Top of INPUT FOR THIS TASK
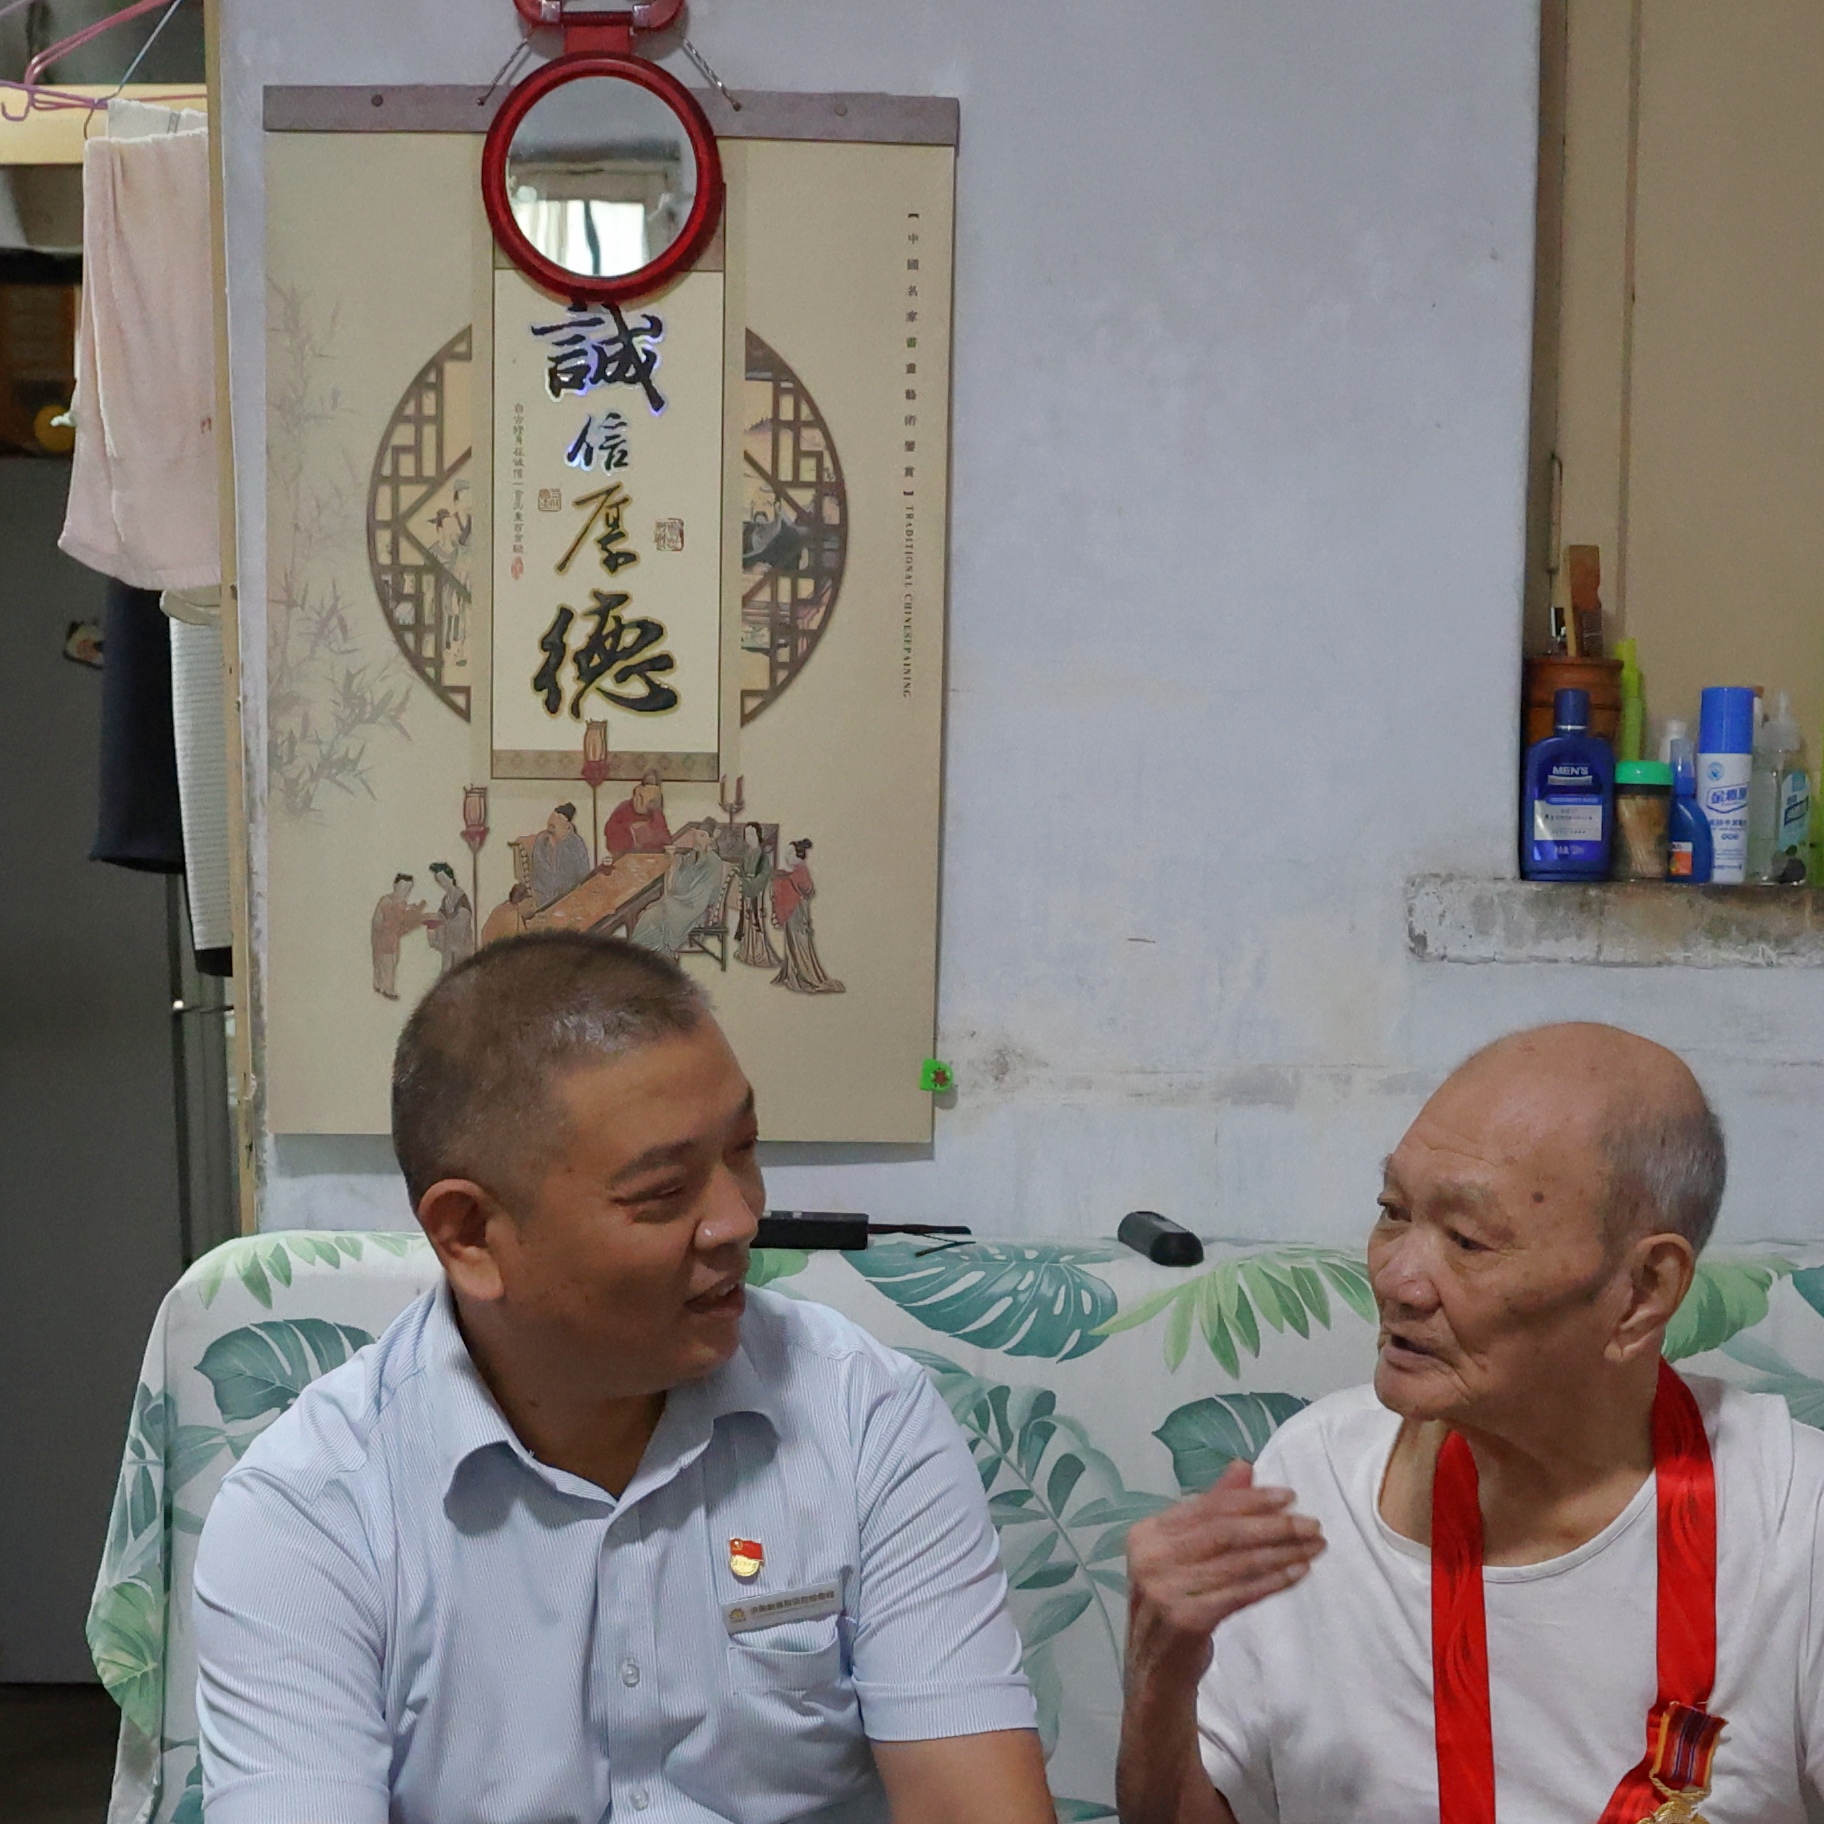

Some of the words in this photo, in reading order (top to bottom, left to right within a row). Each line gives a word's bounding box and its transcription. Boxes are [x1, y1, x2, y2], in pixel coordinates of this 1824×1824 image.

[532, 300, 679, 719] 誠信厚德
[904, 505, 915, 588] TRADITIONAL
[1552, 765, 1589, 776] MEN'S
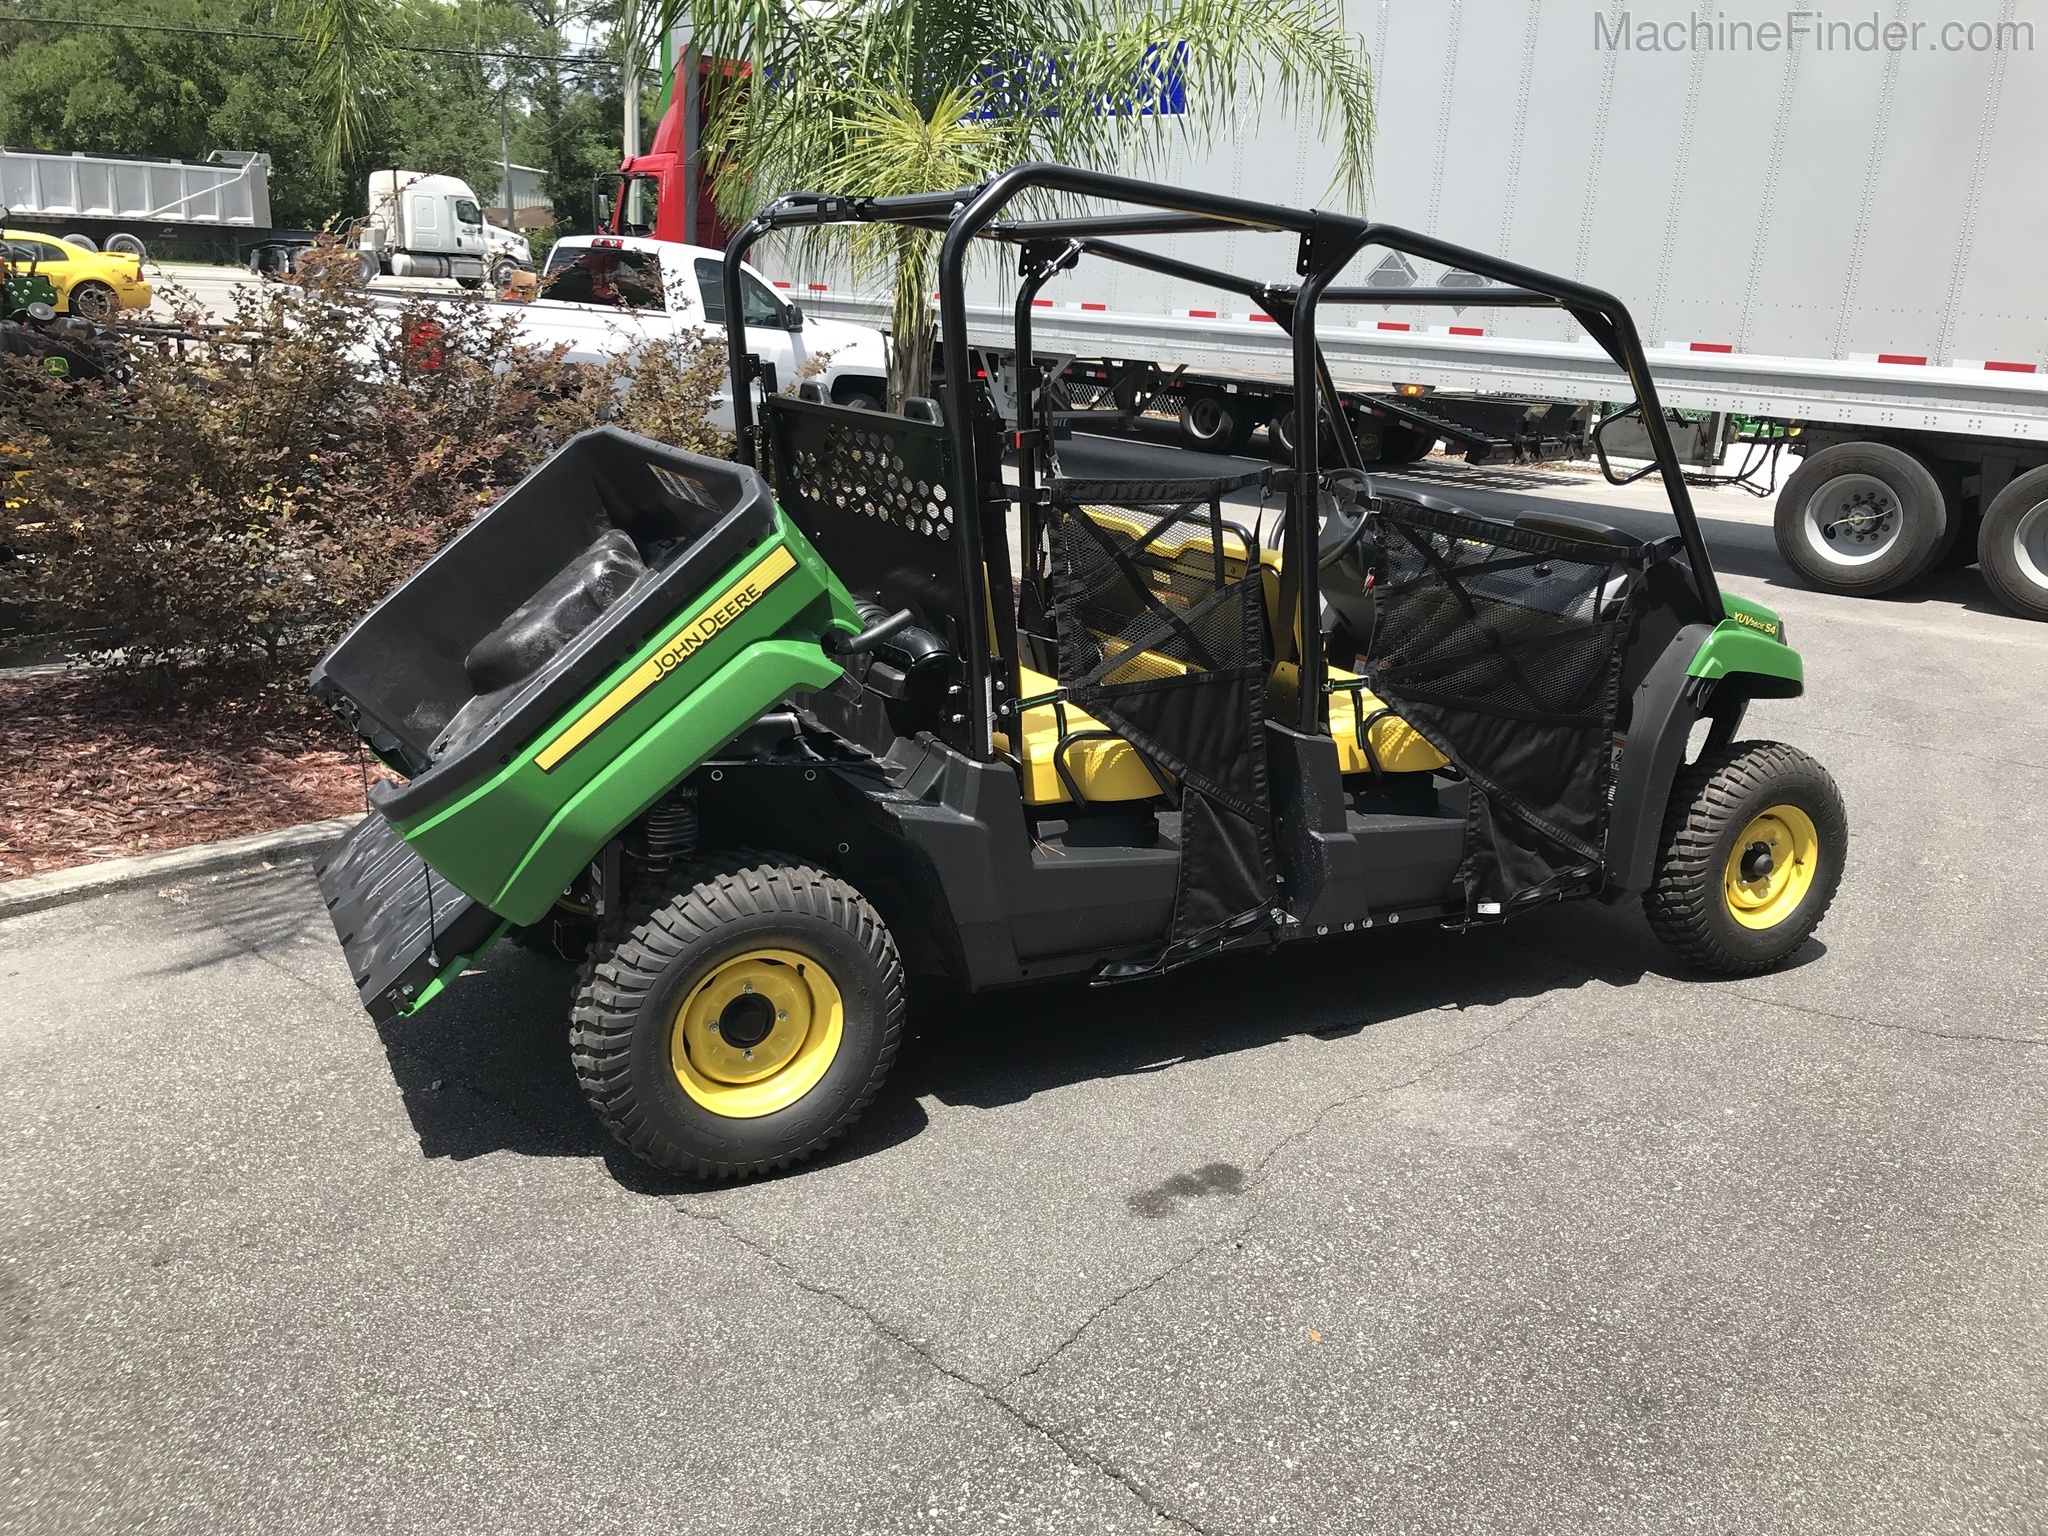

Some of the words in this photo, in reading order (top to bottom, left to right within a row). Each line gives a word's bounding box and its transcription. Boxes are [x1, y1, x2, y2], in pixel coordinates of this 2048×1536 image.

[653, 631, 702, 678] JOHN
[698, 583, 761, 636] DEERE
[1764, 623, 1776, 634] S4
Bottom of INPUT FOR THIS TASK
YOUR TASK
Each record is to be restated word for word; no picture goes in.

TASK OUTPUT
Some of the words in this photo, in reading order (top to bottom, left to right within a row). Each line gives a word's bounding box and its transcription. Boxes are [x1, y1, x2, y2], in pixel coordinates of this 1824×1824 image.

[532, 300, 679, 719] 誠信厚德
[904, 505, 915, 588] TRADITIONAL
[1552, 765, 1589, 776] MEN'S

Some of the words in this photo, in reading order (top to bottom, left to right within a row). Each line gives a word's bounding box and its transcription. Boxes are [x1, y1, x2, y2], in pixel coordinates of this 2048×1536 image.

[653, 631, 702, 678] JOHN
[698, 583, 761, 636] DEERE
[1764, 623, 1776, 634] S4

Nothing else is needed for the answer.